Morris interviewed McNamara for over twenty hours, editing down the footage into a two-hour film. The concept of structuring the film as 11 lessons comes from McNamara's 1996 book In Retrospect: The Tragedy and Lessons of Vietnam. Morris creates the film's 11 lessons from various statements that McNamara uses throughout the interview. The lessons lend structure to The Fog of War, but they are not explicitly McNamara's. (At the aforementioned UC Berkeley event, McNamara contended that he did not agree with Morris's interpretations in all respects.) After the completion of the film, McNamara responded to Morris by complementing the film's eleven lessons with ten more lessons of his own; these are included in the film's DVD release.
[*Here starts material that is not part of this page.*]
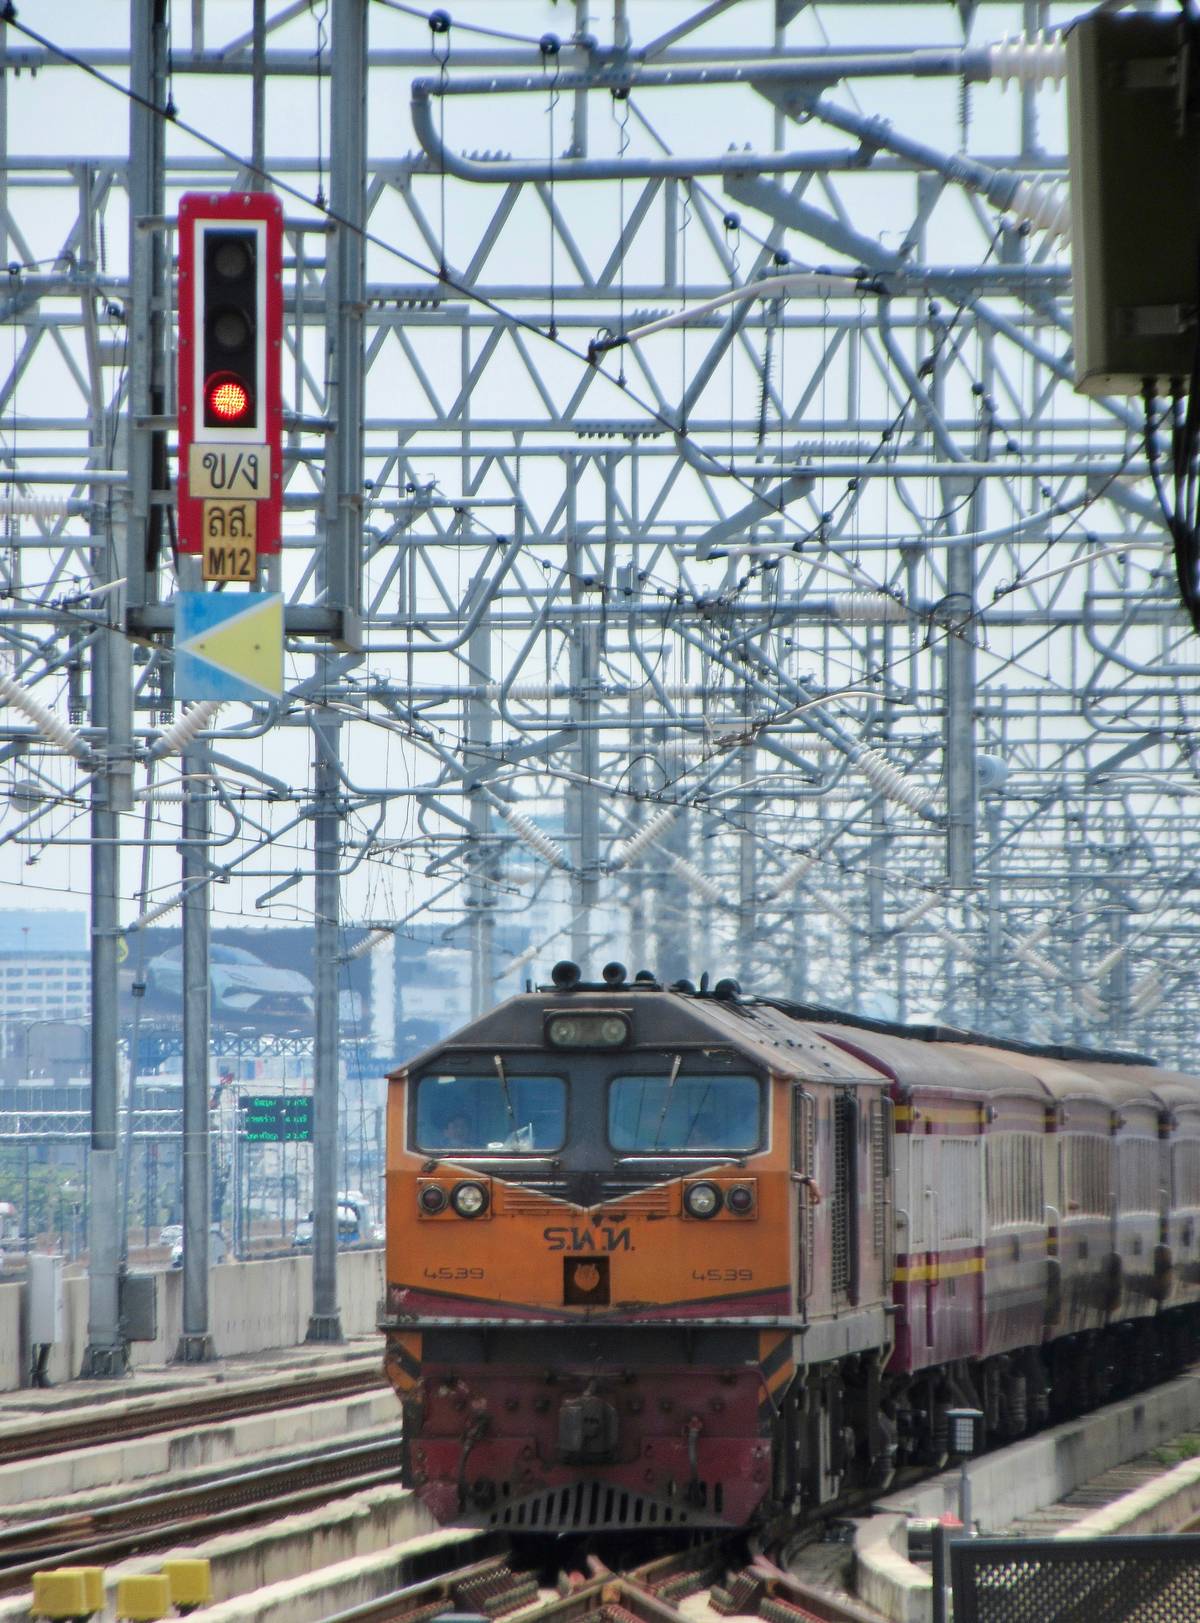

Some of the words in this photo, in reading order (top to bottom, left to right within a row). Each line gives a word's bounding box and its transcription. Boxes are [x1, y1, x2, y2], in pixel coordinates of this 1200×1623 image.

[208, 547, 251, 576] M12
[424, 1267, 484, 1280] 4539
[692, 1268, 753, 1281] 4539
When, at the Berkeley event, McNamara was asked to apply the lessons from his 1996 book to the US invasion of Iraq, he refused, arguing that former Secretaries of Defense should not comment on the policy of the current Secretary. McNamara suggested that other people were welcome to apply his lessons to Iraq if they wanted to, but that he would not explicitly do it, and noted that his lessons were more general than any particular military conflict.